The best symptom tracker is the one you'll still be using on day 14.
Most symptom apps fail for the same reasons: too many fields, no pattern detection, and no clear endpoint. Here's what actually works — and how Your Body Signal is built around it.
Common patterns behind comparison symptoms
- Short daily check-in, not a journal: Apps that ask for 30+ data points get abandoned in a week. A 30-second check-in survives real life.
- Pattern detection, not just a log: A list of symptoms isn't an insight. The app should do the correlation math for you, not just store entries.
- A defined window, not forever: Open-ended tracking has no payoff. A 14-day window with a clear report at the end is what actually changes behavior.
- No food logging required: Food diaries are the #1 reason people quit symptom apps. Behaviors and check-ins surface most patterns without it.
Why most people stay stuck
Most people try a notes app, a generic symptom tracker, or a wellness app — and quit by day 5 because there's no payoff. The problem isn't discipline; it's that the tool wasn't designed to produce a result in a defined window.
Frequently asked questions
What makes a symptom tracking app actually useful?
Three things: a check-in short enough to keep doing daily, automatic pattern detection across your inputs, and a clear endpoint where you get a report — not endless logging.
How is Your Body Signal different from a symptom journal?
Your Body Signal isn't a journal. It's a 14-day structured check-in that scores correlations between your symptoms, behaviors, and daily check-ins, then delivers a report.
Do I need to log food?
No.
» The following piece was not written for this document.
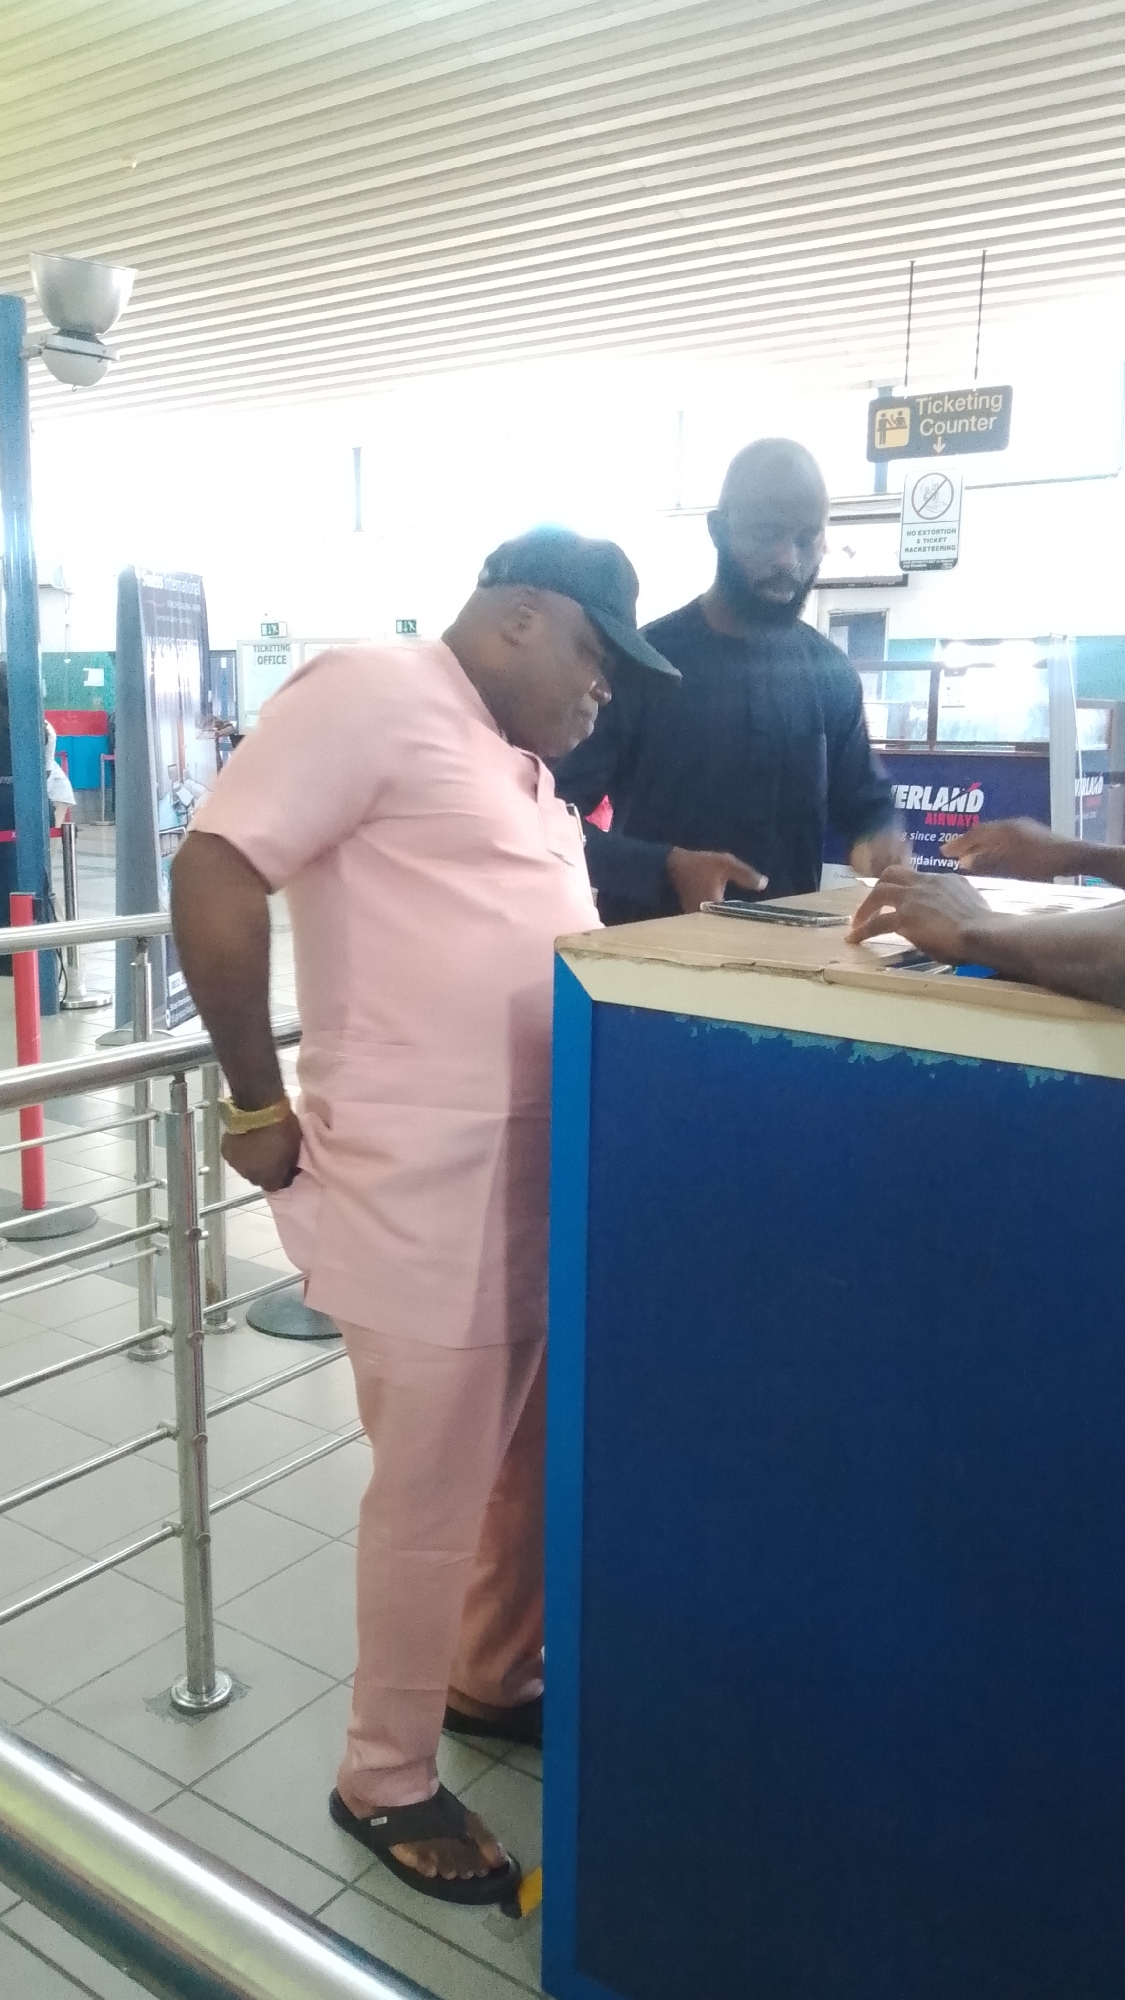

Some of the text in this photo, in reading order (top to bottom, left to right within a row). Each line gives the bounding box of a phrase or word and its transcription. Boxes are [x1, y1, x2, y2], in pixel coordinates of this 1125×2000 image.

Your Body Signal intentionally doesn't ask you to log food. Behaviors and daily check-ins are enough to surface most patterns, and food logging is the #1 reason people abandon tracking apps.
How long until I see results?
Most users start seeing patterns by day 5–7, with a full insight report at day 14.
Is this a medical app?
No. Your Body Signal is a personal pattern-tracking tool. It surfaces correlations and does not diagnose, treat, or replace medical care.